このアナリストミーティングは、マスコミには非公開で実施された。注目企業の動向を探ろうと、マスコミ各社は参加者から情報を集めて記事にした。いくつか見出しをチェックしてみよう。
『オリンパス、前社長への法的対応を検討―森副社長』(ロイター/18日)
『オリンパス前社長 「社内情報外部に」 会社側、法的措置も検討』(日経朝刊/18日)
オリンパスについては、筆者自身も重大な関心を抱いていただけに、実際にアナリストミーティングに参加した複数の関係者を取材した。

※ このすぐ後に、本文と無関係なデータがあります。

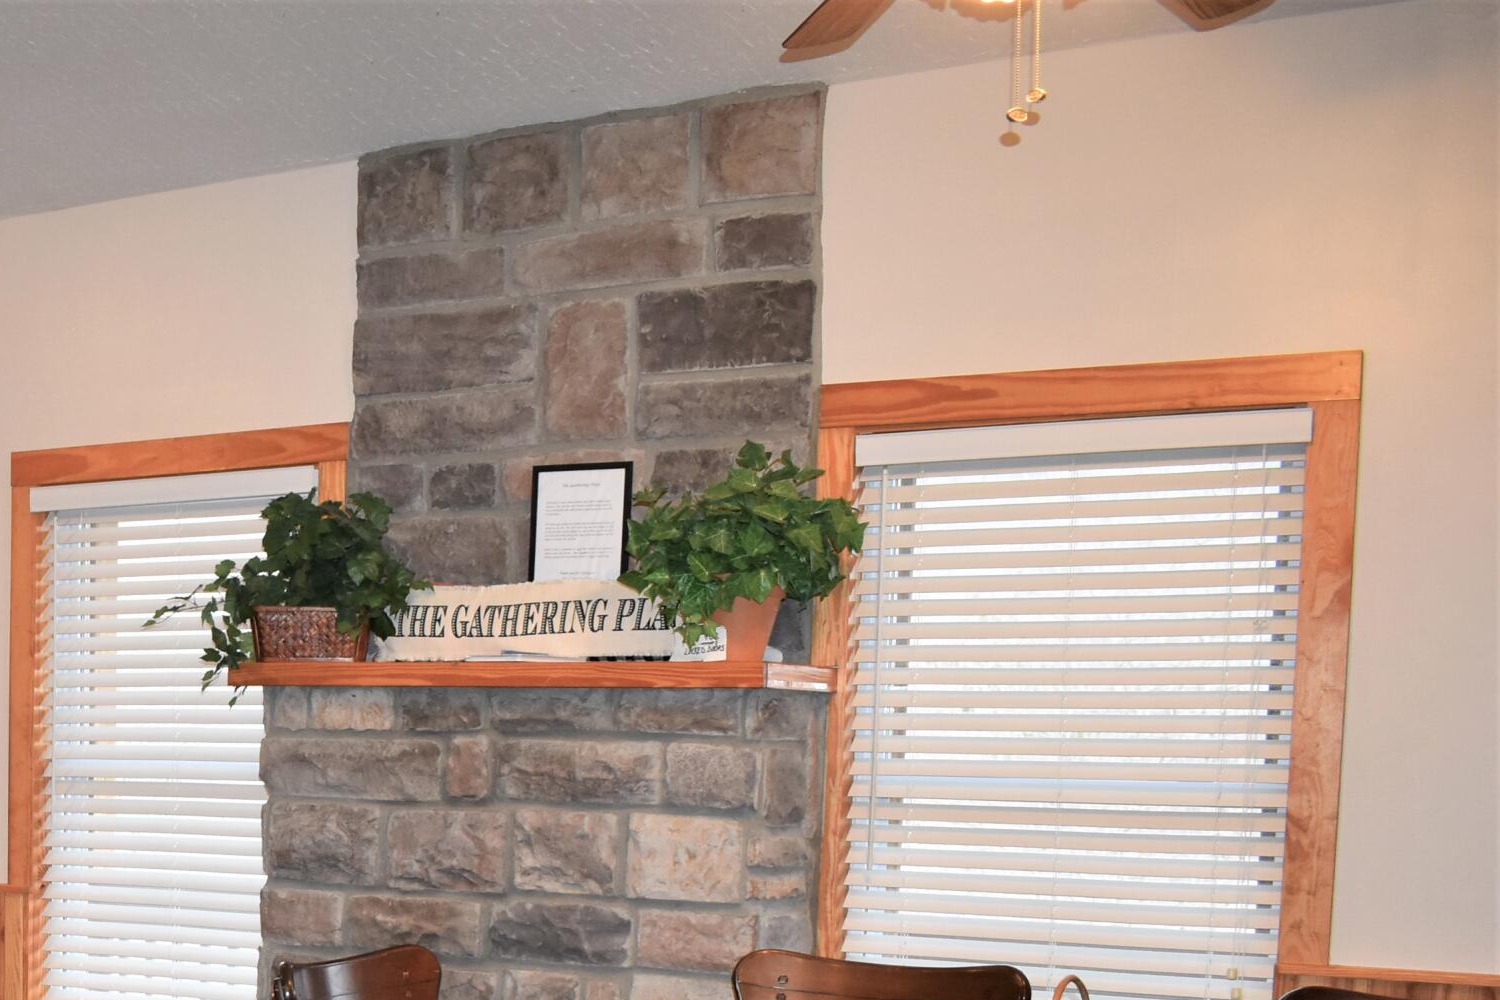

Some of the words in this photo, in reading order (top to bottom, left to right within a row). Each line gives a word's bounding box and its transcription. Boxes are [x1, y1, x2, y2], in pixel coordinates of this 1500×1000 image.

[395, 604, 448, 638] THE
[451, 598, 608, 639] GATHERING
[612, 597, 678, 632] PLA

この2社の見出しについて、感想を聞いてみたところ、こんな答えが返ってきた。
「ヘッドラインには明確に違和感あり。説明を聞いていた限り、法的対応については会社側が自ら言及したわけではなく、一部のアナリストが強硬に抗議し、暗に法的対応を求めたあとに、会社側が“それはもちろん検討しております”というやりとりだった」(外資系の機関投資家)。
ここで、「アナリスト」について説明を加えておく。
オリンパスは医療用精密機器では、世界市場で圧倒的なシェアを持つ優良企業だ。日本のみならず、主要国の年金基金や保険会社など機関投資家の持ち株比率が高い。彼ら向けに、内外の証券会社がアナリストのリポートを発行している。オリンパスや同業他社の動向を精査し、企業価値を映す株価が適正かどうかを助言するためだ。
先のミーティングに話を戻すと、会社側に強硬な態度で臨んだアナリストは、同社株について“買い推奨”を行っていた向きなのだ。換言すれば、顧客である機関投資家から批判の矢面に立たされていた、ということにもなる。